Information overload is the enemy of clear thinking. My approach is to make analytics feel like a conversation rather than a confrontation. Every system I build follows three principles: context before complexity, progressive discovery, and narrative framing.
This means the most important signals surface first, details unfold as users explore, and every metric is anchored in why it matters. At Jack Archer, this approach turned dashboards into operational tools that drive daily action. Instead of asking “What happened?” teams now ask “What should we do next?” Simplicity is not about reducing data; it’s about increasing focus. That shift consistently leads to faster decisions, clearer accountability, and measurable business lift.
With AI now embedded across every business function, how can leaders encourage their teams to see automation as a creative partner rather than a technical threat?

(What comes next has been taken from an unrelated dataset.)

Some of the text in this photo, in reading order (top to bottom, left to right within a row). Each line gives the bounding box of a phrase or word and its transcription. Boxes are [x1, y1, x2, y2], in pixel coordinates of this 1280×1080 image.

Right now, we are leading a complete redesign of our data infrastructure at Jack Archer to improve cost efficiency and operational clarity. But this is not just a technical project; it is about helping people think better. Once I understand a team’s business objectives, I spend time observing their day-to-day workflows to uncover opportunities that no AI could identify alone.

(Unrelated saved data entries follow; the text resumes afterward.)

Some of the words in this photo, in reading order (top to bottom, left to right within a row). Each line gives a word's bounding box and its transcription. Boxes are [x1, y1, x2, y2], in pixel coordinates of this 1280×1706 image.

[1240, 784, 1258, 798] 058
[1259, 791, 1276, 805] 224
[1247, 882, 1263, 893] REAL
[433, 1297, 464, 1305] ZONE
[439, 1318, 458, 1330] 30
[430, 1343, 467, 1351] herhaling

Most of the time, the challenge is not technology but it is translation. Many stakeholders know what they want to achieve but struggle to express it in technical terms. My role is to bridge that gap, turning business context into architecture. Machines can automate processes, but they cannot read between the lines or interpret intent. Human judgment fills that gap, aligning automation with real business impact. The best systems do not replace critical thinking; they amplify it.

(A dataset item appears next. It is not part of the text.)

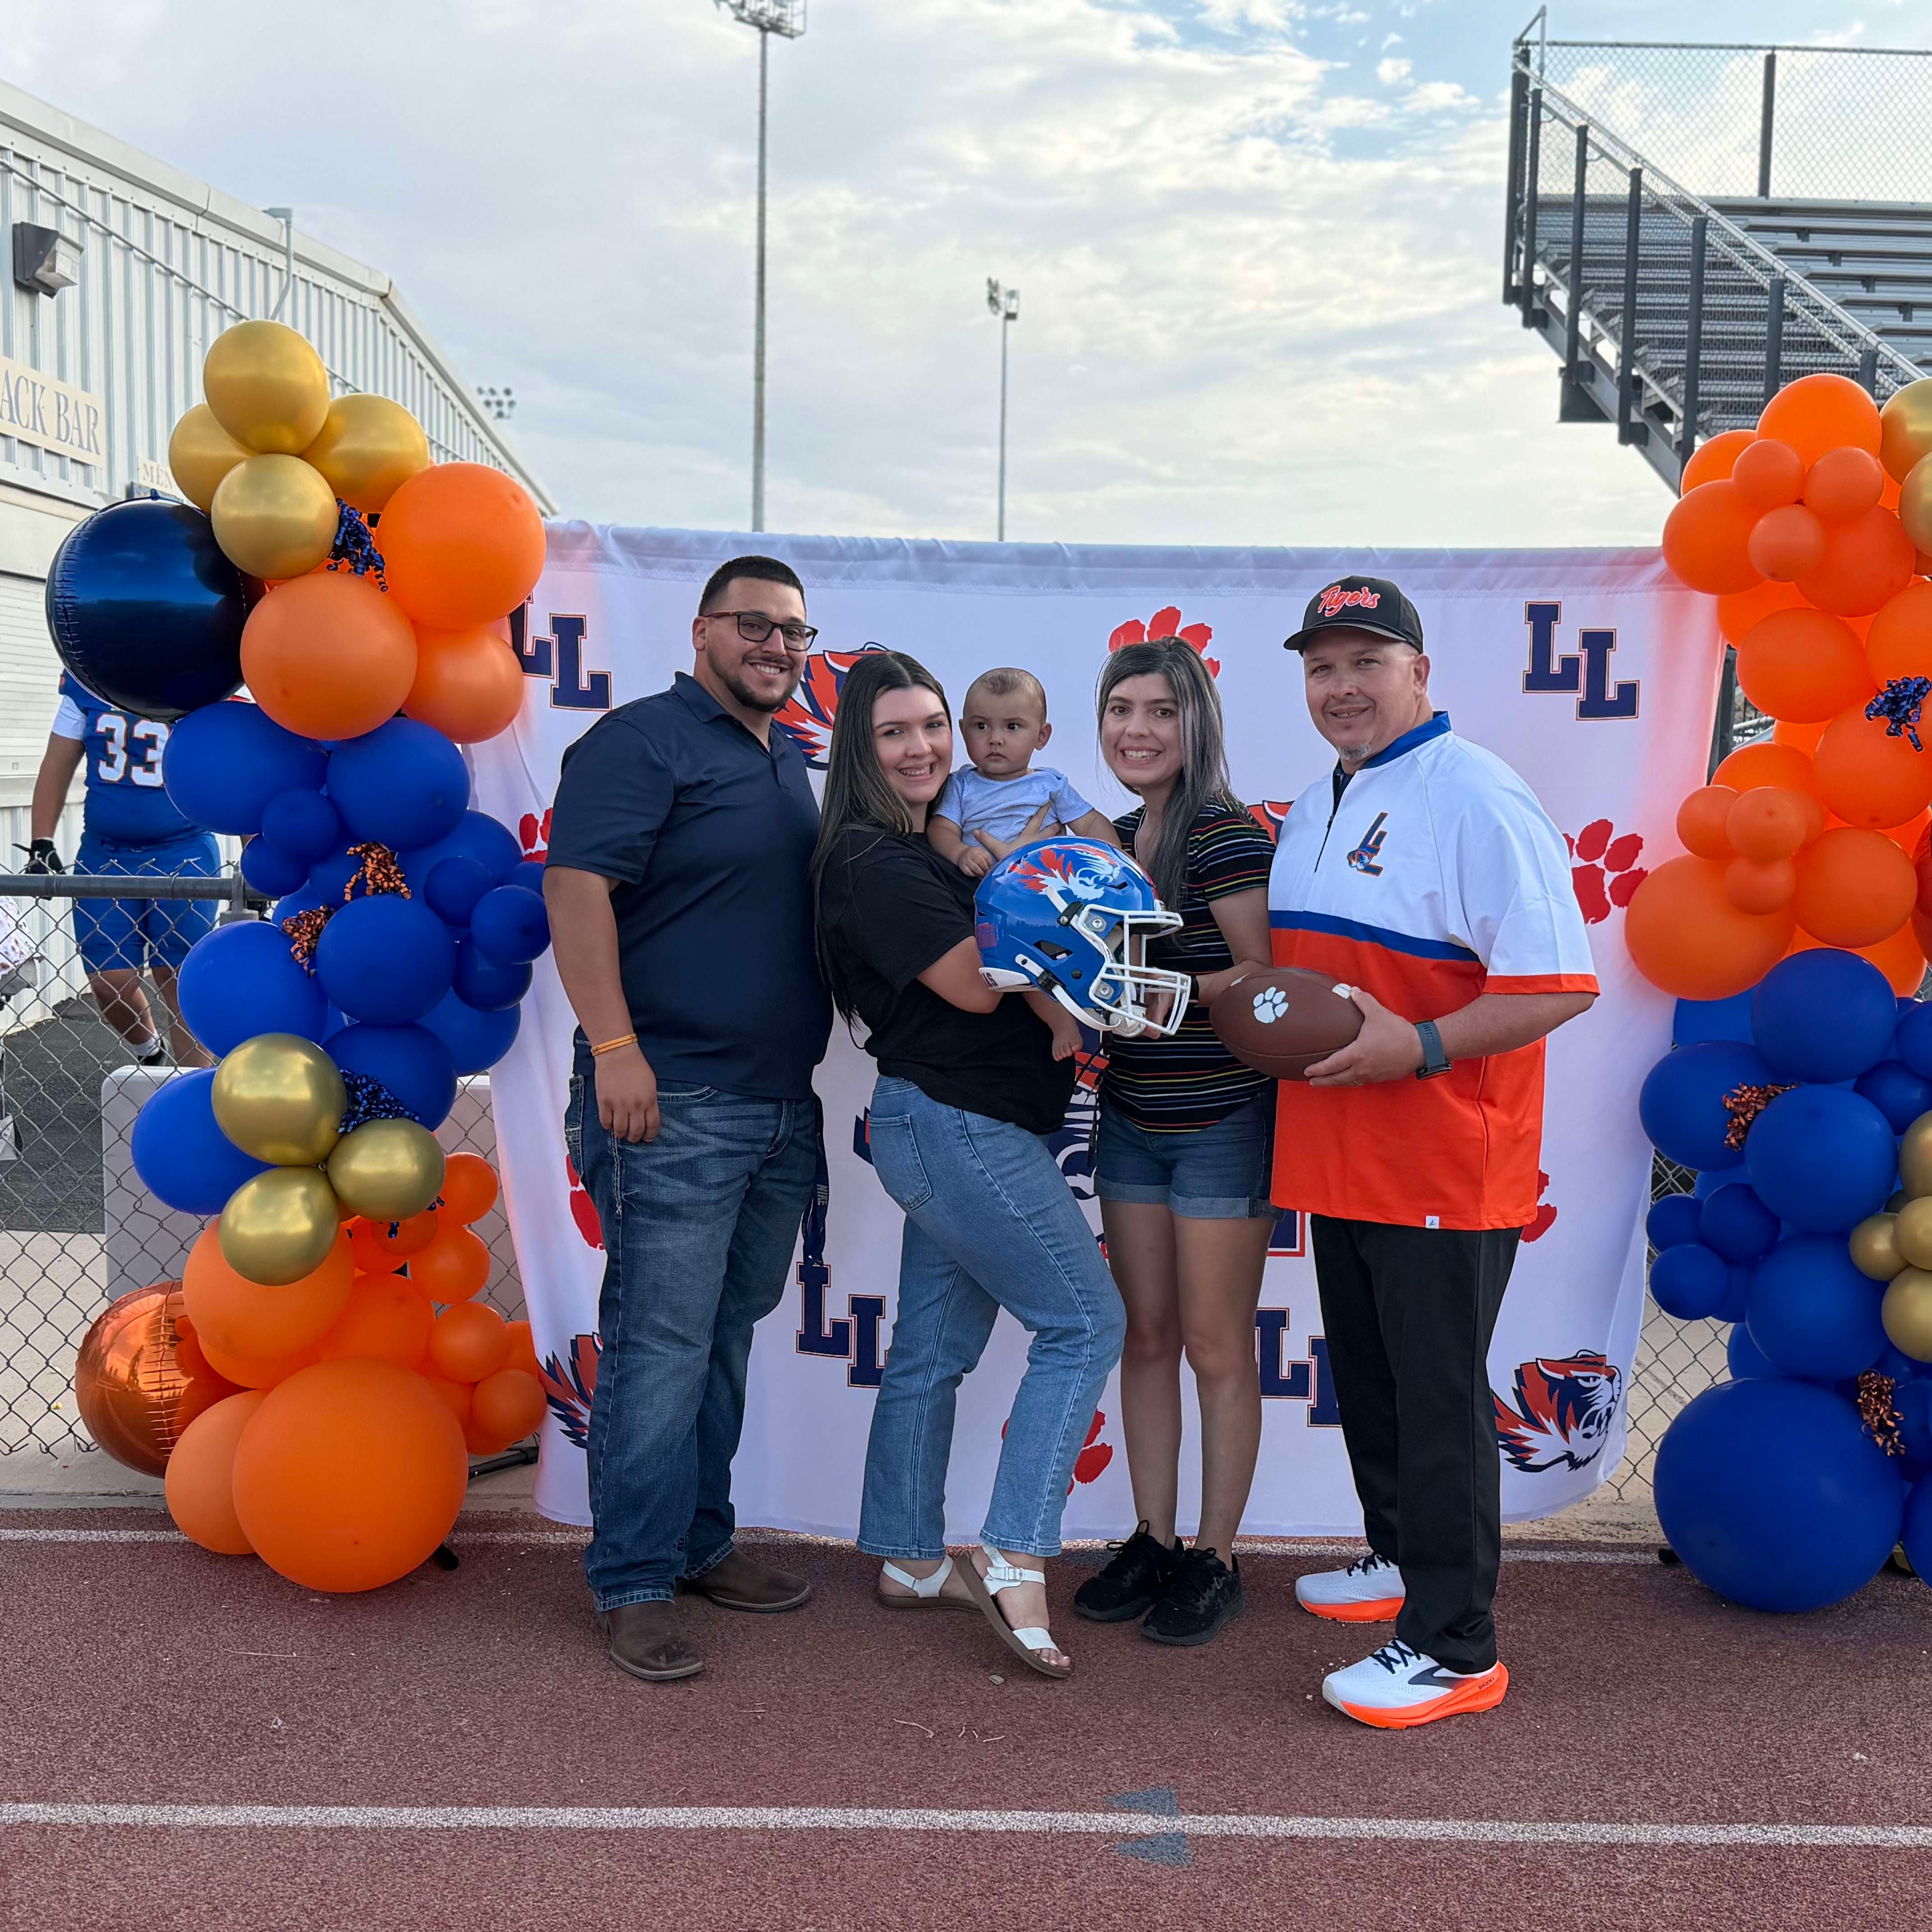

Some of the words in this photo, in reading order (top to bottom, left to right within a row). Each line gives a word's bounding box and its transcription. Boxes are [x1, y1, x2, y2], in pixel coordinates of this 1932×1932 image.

You’ve worked in fast-moving startups where ambiguity is constant. How has that environment shaped your philosophy on building data systems that are adaptable, intuitive, and emotionally intelligent?
Startups teach you humility quickly because everything changes. That environment shaped my belief that data systems should expect change rather than resist it.
I build modular and interpretable systems that evolve with the business. But emotional intelligence matters just as much as architecture. When something fails, the system should explain, not accuse. When a metric changes, it should contextualize rather than alarm. The tone of communication shapes trust. The more a system behaves like a calm, clear teammate, the more people rely on it in high-stakes moments. Emotional intelligence in data design is not about sentimentality; it is about resilience and credibility under uncertainty.
Looking ahead, what does the future of human-centered AI design look like to you, and how can organizations build cultures that treat data not just as a resource, but as a relationship between technology and people?
The next generation of AI will feel less mechanical and more relational. We are moving from dashboards to dialogue, from “What happened?” to “What should we do next?” In that world, organizations that thrive will treat data as a relationship rather than a resource.
That means building cultures that pair technical rigor with human curiosity, where teams challenge assumptions, share interpretations, and see AI as an extension of their collective intelligence. Human-centered AI is not about teaching machines to feel. It is about designing technology that helps people feel seen, capable, and confident in their decisions. When that happens, data stops being a report and becomes a relationship that drives growth.